Can't get secure pages to secure any page

I don't know if this will be helpful at all, since my server is running IIS, not Apache. But I found, as you did, that Secure Pages was not securing anything. Worse, when the "Switch back to http pages when there are no matches" box was checked, any attempt to load a non-secure page resulted in an infinite loop of redirects.

Several of the functions in securepages.module appear to expect boolean values for $_SERVER['HTTPS'], but the values being supplied on my server were the strings "on" and "off." Making the necessary changes to these functions seems to have cleared everything up.

I'm using drupal 5.7 on php 5 + apache and I can't get it to secure any pages either. https is working fine if I type that address in, but the secure pages module doesn't seem to affect anything at all.

Looking at Posco's #1 comment above, I checked and my server doesn't mention the $_SERVER['HTTPS'] variable in the PHP Variables section either - I assume this is a requirement?

I've tried 5.x 1.6 and the current dev download, no joy.

The problem seems to be in the settings.
I set it to "Make secure every page except the listed pages" and didn't put any pages in the field. The result was as mentioned above.

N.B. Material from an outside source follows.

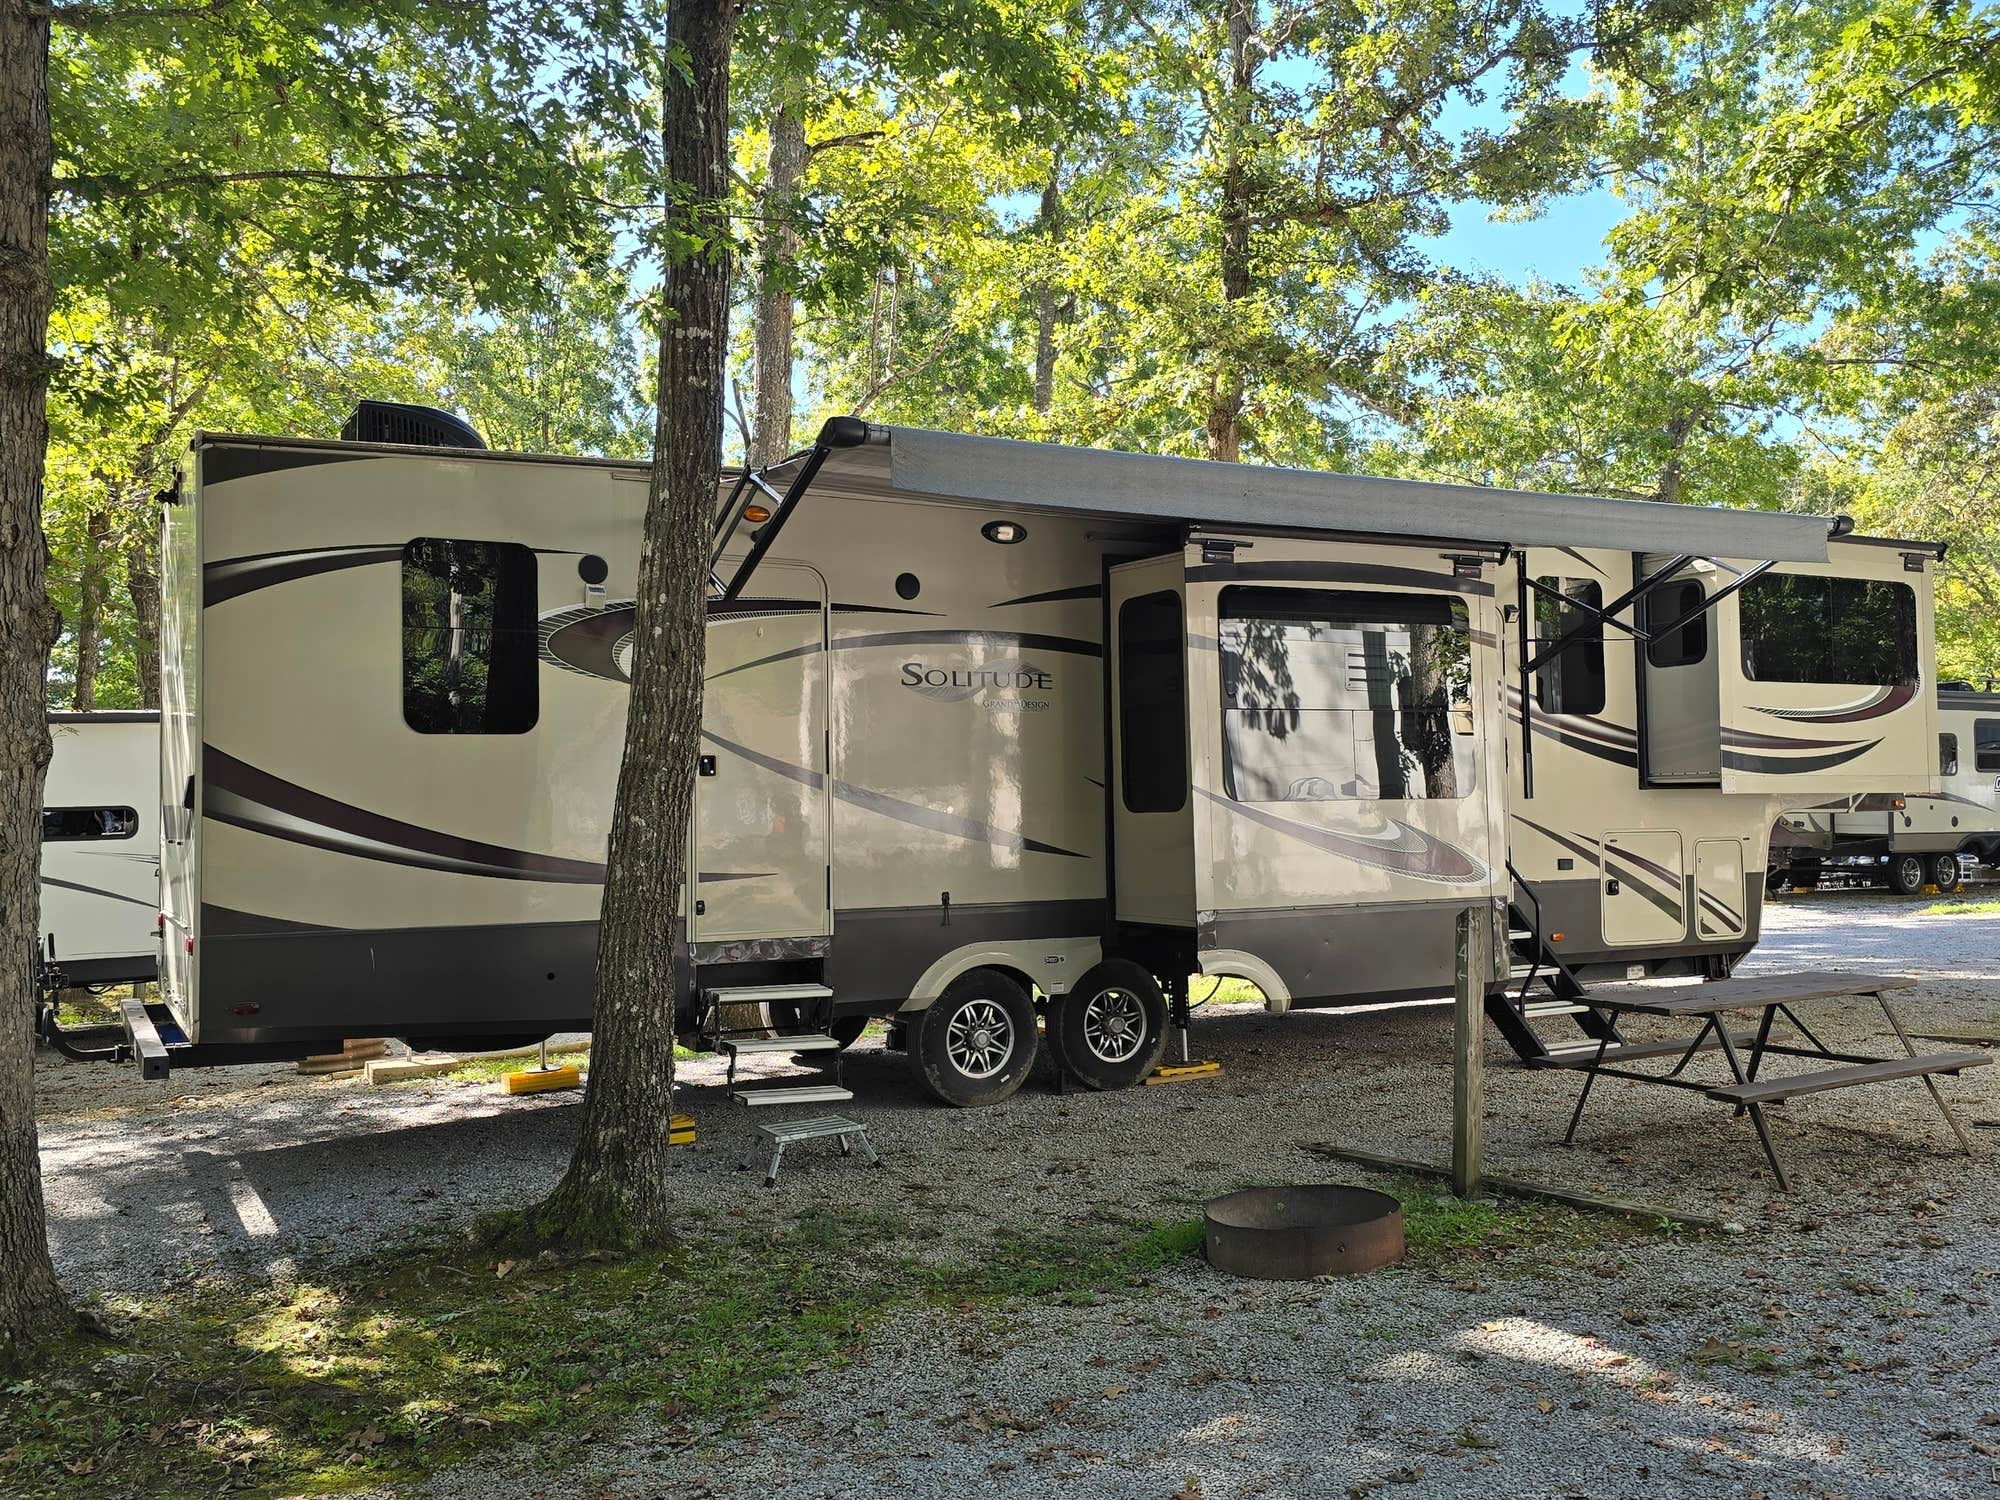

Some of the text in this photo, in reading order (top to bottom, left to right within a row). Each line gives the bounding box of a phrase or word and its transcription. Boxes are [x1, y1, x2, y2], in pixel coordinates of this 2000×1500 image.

[901, 663, 1053, 689] SOLITUDE
[1021, 700, 1050, 710] DESIGN
[1457, 943, 1467, 962] 4

Then I've reversed it to "Make secure only the listed pages." and put a * in the field.
Result: All pages are redirected to https.

Hope that helps.

This may not solve everyone's problem, but it sure solved mine. I've discovered, after looking at the code, that secure pages is only going to force the browser over to https:// if the page that is being loaded exists in the menu system. In other words, if you have a site that you create a bunch of page content types on, and you are not using the Drupal menu system to create links to those pages, then Secure Pages will never try to force it over to SSL. Why wouldn't you use Drupal's menu system to create links to pages, you ask? In my case, we've created a special drop down 'menu' in a block thats just static HTML code linking to various pages.

Again, don't know how helpful this will be to anyone but me, but I wanted to get it out there.

Thanks,
-Greg

bkoether's solution worked for me. Thanks

I was also having this problem with Drupal 6.

bkoether's solution worked for me as well, but I had to disable FCK editor on the Secure Pages settings page first. With FCK editor active on the page, it was automatically adding a paragraph tag to the wildcard. Everything worked once I was able to delete the tag.

I just had the same issue but with a fat error. The problem in my installation is that $_SERVER['https'] is not present when not secure. The code in securepages.module is testing for $_SERVER['https'] being on, but perhaps it would be better to first test if it is set at all:

securepages.module: 29

  elseif ($page_match && !isset($_SERVER['HTTPS'])) {
    securepages_goto(TRUE);
  }

A further nested if could test for it being off if necessary (not in my case).

bkoether's solution worked for me in Drupal 5.x as well, thanks.

This is a completely new version which has been ported to 6.x again.

If this is still an issue, please resubmit.

#4 fixed this problem for me while running 6.x-1.8... is there a fix for this?

That worked for me. I did not want all those pages on the navigation, but all I had to do was place them there as sub-menu item on a disabled item. Thanks for posting that.